В тусклое декабрьское утро 1772 года обер-гофмейстер Иван Иванович Бецкий явился в Зимний дворец для представления императрице Екатерине. Еще накануне, на собрании в Эрмитаже, государыня изустно пригласила его приехать к ней, не откладывая, потому что у нее есть о чем с ним поговорить. Теперь, ожидая приема ее величества, Иван Иванович старался угадать причину ее зова: в его ведении были и дворцовые строения, и воспитательный дом, и академия художеств, и Смольный институт, и во всех этих учреждениях, по старости доброго, просвещенного, но слишком рассеянного начальника, дела шли не совсем гладко. Бецкий в годы молодости, живя в Париже, был близким человеком к матери Екатерины, принцессе Ангальт-Цербстской, Иоганне-Елизавете; оттого императрица смотрела на него как на старого друга и многое ему извиняла. А все-таки бедному Ивану Ивановичу бывало не по себе, когда императрица чересчур, как ему казалось, подробно входила в дела его ведения, хотя всегда была к нему ласкова, никогда не выговаривала и только давала ему советы. В приемной перед кабинетом государыни было немного представлявшихся лиц, и он, усевшись в кресло, имел время предаться своим размышлениям, почти не замечая стоявшего возле него стройного молодого человека, одетого по последней версальской моде, с нежным, красивым лицом. Он низко поклонился Бецкому при его взгляде, но Иван Иванович, сделав всем общий поклон, почти не обратил на него внимания.

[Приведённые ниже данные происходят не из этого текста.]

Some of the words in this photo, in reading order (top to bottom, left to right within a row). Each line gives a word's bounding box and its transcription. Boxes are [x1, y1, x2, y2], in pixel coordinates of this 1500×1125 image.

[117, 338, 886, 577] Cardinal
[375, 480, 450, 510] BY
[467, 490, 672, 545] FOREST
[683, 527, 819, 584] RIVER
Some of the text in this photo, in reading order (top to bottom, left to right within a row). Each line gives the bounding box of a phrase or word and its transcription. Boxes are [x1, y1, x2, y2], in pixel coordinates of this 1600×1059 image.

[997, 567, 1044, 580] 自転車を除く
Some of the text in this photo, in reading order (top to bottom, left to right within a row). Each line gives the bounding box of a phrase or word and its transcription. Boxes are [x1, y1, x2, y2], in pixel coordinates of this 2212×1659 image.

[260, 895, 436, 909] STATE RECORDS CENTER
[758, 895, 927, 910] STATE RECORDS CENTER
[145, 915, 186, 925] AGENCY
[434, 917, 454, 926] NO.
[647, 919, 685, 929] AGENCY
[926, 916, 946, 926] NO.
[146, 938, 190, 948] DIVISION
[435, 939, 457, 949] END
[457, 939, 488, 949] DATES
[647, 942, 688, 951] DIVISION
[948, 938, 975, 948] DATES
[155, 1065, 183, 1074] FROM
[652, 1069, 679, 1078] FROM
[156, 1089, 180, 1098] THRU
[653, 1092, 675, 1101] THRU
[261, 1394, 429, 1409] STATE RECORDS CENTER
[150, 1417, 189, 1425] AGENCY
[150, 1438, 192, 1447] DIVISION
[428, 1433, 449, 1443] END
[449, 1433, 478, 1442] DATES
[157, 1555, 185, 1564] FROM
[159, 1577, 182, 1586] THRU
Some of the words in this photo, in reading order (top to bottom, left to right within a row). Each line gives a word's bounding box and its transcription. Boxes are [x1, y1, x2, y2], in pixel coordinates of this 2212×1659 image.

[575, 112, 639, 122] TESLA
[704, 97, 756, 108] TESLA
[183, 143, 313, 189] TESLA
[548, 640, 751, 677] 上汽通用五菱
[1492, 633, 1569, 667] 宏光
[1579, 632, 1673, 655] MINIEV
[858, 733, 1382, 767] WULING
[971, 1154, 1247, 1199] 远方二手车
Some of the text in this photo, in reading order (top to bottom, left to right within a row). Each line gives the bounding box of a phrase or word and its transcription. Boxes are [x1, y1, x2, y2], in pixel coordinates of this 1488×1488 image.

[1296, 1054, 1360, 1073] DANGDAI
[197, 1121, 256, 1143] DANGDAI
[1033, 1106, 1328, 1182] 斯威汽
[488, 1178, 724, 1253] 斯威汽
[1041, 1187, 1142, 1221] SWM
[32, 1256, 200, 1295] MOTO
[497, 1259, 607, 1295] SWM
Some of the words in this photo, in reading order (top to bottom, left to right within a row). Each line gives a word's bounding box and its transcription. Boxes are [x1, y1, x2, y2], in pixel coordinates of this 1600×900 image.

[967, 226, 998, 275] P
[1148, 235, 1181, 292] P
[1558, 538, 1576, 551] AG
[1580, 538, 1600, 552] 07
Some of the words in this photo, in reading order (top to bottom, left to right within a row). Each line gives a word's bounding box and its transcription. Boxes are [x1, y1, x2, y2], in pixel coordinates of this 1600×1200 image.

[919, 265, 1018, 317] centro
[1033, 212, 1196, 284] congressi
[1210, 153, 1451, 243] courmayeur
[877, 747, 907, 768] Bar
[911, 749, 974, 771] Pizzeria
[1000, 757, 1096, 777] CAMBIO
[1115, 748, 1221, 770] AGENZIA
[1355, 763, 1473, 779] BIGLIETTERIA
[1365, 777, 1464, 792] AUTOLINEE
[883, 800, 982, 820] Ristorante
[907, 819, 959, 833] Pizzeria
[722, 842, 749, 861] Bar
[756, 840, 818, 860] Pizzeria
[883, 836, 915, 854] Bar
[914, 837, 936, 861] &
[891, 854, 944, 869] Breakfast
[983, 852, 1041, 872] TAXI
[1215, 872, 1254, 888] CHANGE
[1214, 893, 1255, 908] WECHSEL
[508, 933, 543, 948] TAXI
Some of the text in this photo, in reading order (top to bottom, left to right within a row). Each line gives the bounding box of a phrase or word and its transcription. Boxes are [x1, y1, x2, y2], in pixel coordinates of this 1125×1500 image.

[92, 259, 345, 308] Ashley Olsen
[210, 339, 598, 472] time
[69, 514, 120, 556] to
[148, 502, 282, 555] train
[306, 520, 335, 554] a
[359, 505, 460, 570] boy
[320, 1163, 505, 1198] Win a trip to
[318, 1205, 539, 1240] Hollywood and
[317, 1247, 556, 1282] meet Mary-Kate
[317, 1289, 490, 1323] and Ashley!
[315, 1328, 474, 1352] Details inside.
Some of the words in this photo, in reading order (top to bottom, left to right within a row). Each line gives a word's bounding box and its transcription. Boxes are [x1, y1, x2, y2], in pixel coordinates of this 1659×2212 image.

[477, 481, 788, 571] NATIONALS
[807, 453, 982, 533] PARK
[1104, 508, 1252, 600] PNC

Прошло несколько минут, и из кабинета императрицы вышел граф Никита Иванович Панин. Едва успел Бецкий обменяться с ним приветствиями, как и сам приглашен был к государыне. Екатерина сидела за любимым своим рабочим столиком, вогнутым с двух сторон, и, милостиво протянув руку для поцелуя, взглядом указала Бецкому место против себя. Смотря на его старческое сморщенное лицо, напряженное от ожидания, императрица слегка улыбнулась и проговорила:

— Не удивляйтесь, друг мой, Иван Иванович, что я потревожила вас. Но, право, вы мне очень нужны сегодня, потому что и меня тревожит своими письмами, знаете кто? господин Вольтер, ваш старый знакомый, и я хочу с вами посоветоваться. Не знавали ли вы, Иван Иванович, по комиссии об уложении молодого чиновника Полянского? Может быть, припомните: он писал о совестном суде, и я послала его затем учиться за границу? Нет?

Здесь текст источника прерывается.